It is entirely possible to construct a theory of the universe which states: "All effects are caused by fairies. Each effect has its own fairy, and every fairy is unique. When two fairies produce the same outcome, that is just a happy coincidence." Unfortunately, it is basically impossible to disprove this theory. Also, this theory lacks explanatory power. If I ask the question: "Where will Venus be in 3,000 years?" Fairy Physics can only answer: "Wherever the Venus fairies decide it will be!"

And this is the real problem with Fairy Physics. The problem is not that it is "wrong", because in some sense, it can't be wrong. The problem is that it is useless. And it is useless because it is, in a way, infinitely powerful. It is a theory which allows anything to happen, because it's answer is always: "A fairy caused that."

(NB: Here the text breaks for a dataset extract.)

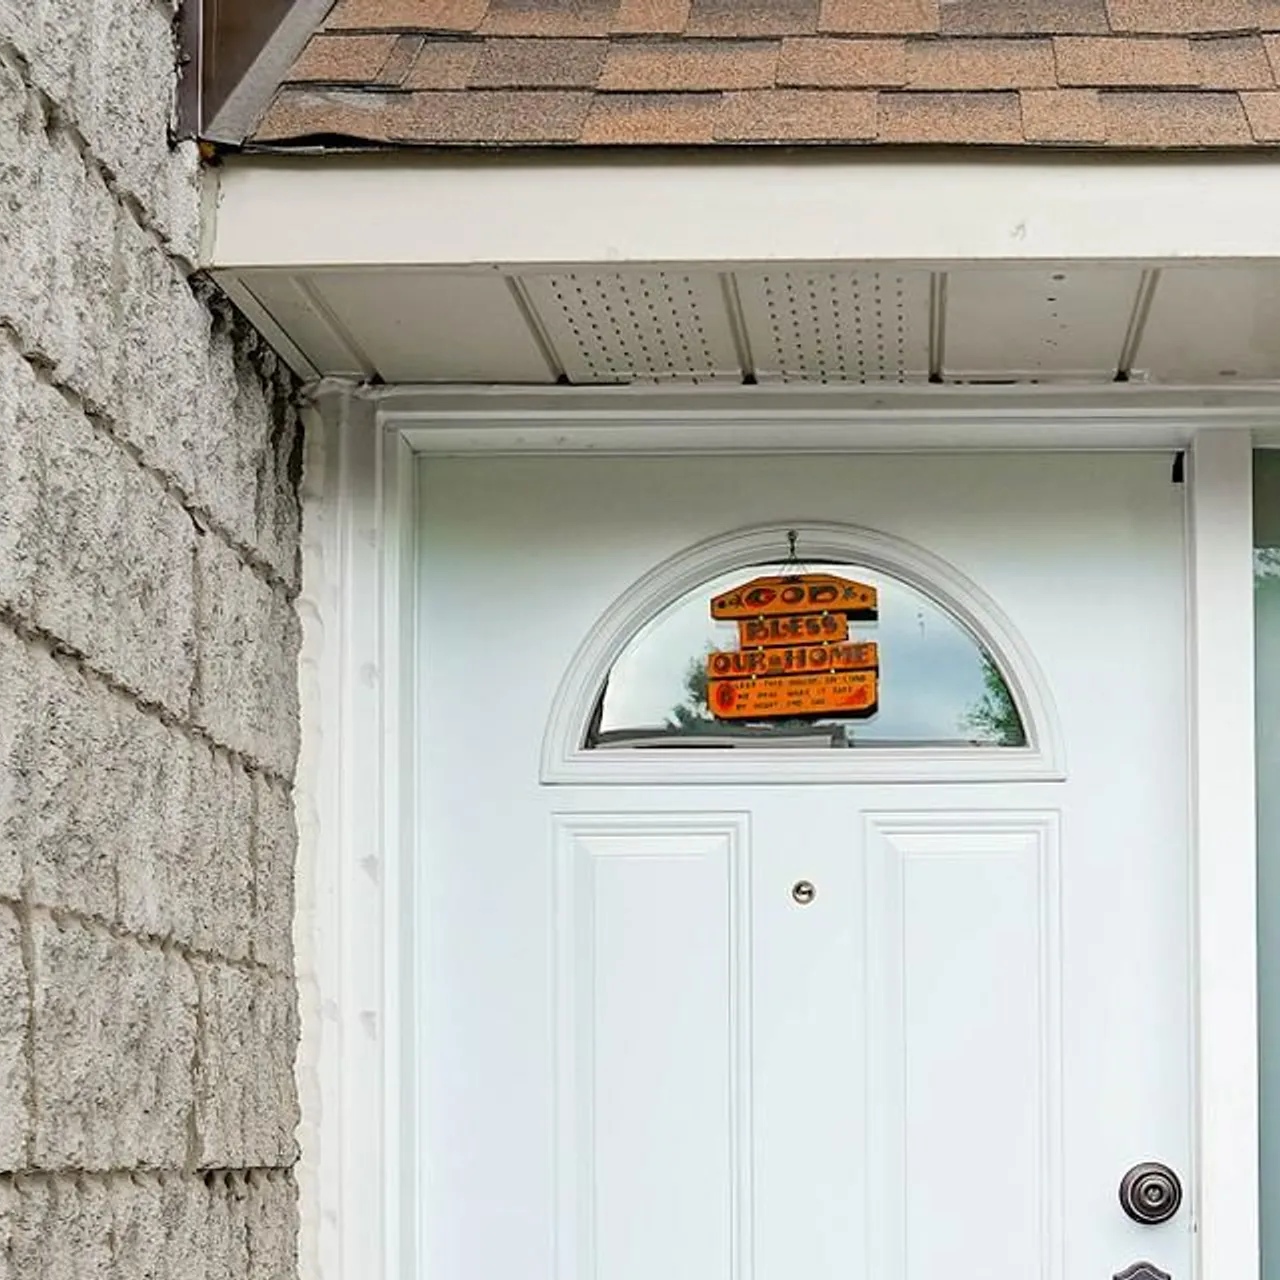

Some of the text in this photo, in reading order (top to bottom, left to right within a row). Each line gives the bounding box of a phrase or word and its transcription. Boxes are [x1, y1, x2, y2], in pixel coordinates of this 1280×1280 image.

[744, 584, 838, 609] GOD
[746, 615, 837, 641] BLESS
[713, 646, 867, 674] OUR HOME
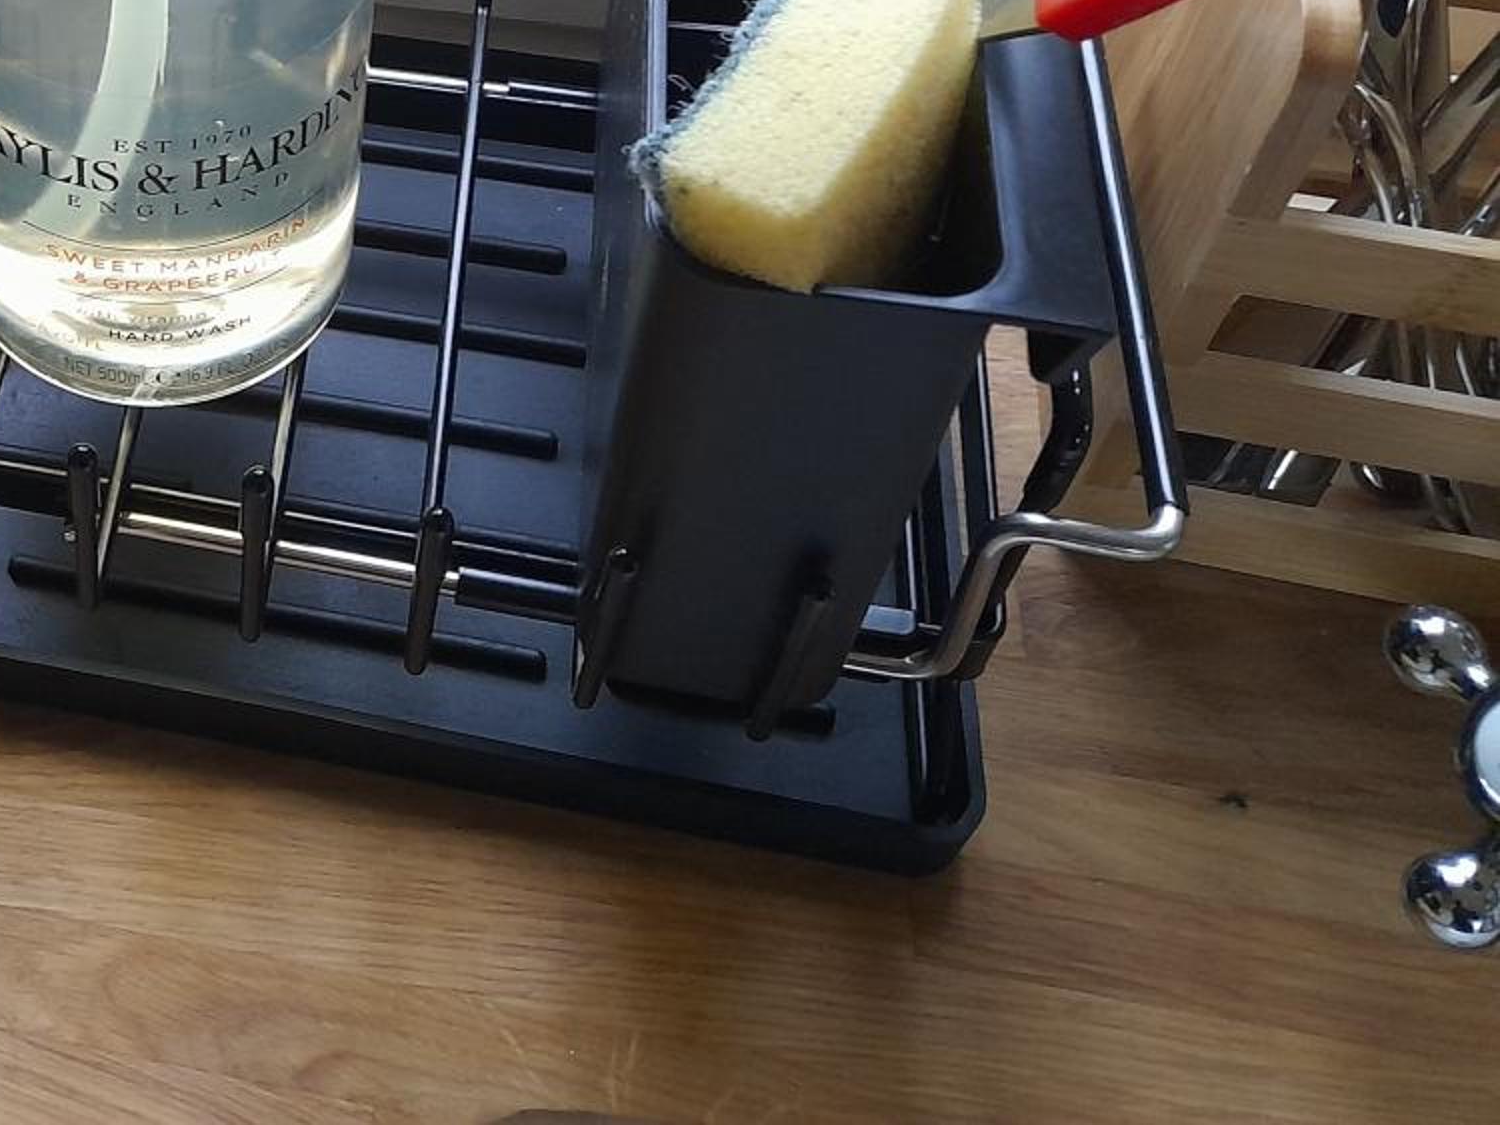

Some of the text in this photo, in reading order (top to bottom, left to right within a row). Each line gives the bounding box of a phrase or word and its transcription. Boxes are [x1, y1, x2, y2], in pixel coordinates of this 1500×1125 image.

And thus, we see that a useful theory is one in which we can separate "explainable" events from "miraculous" ones. There are no "fairy miracles." But if we witnessed Jupiter teleport to the other side of the sun that would pretty fairly violate the Standard Model of physics. A theory actually becomes more powerful the more constraints it imposes on how the universe can evolve. That's because more constraints means a greater ability for us as human beings to predict the future.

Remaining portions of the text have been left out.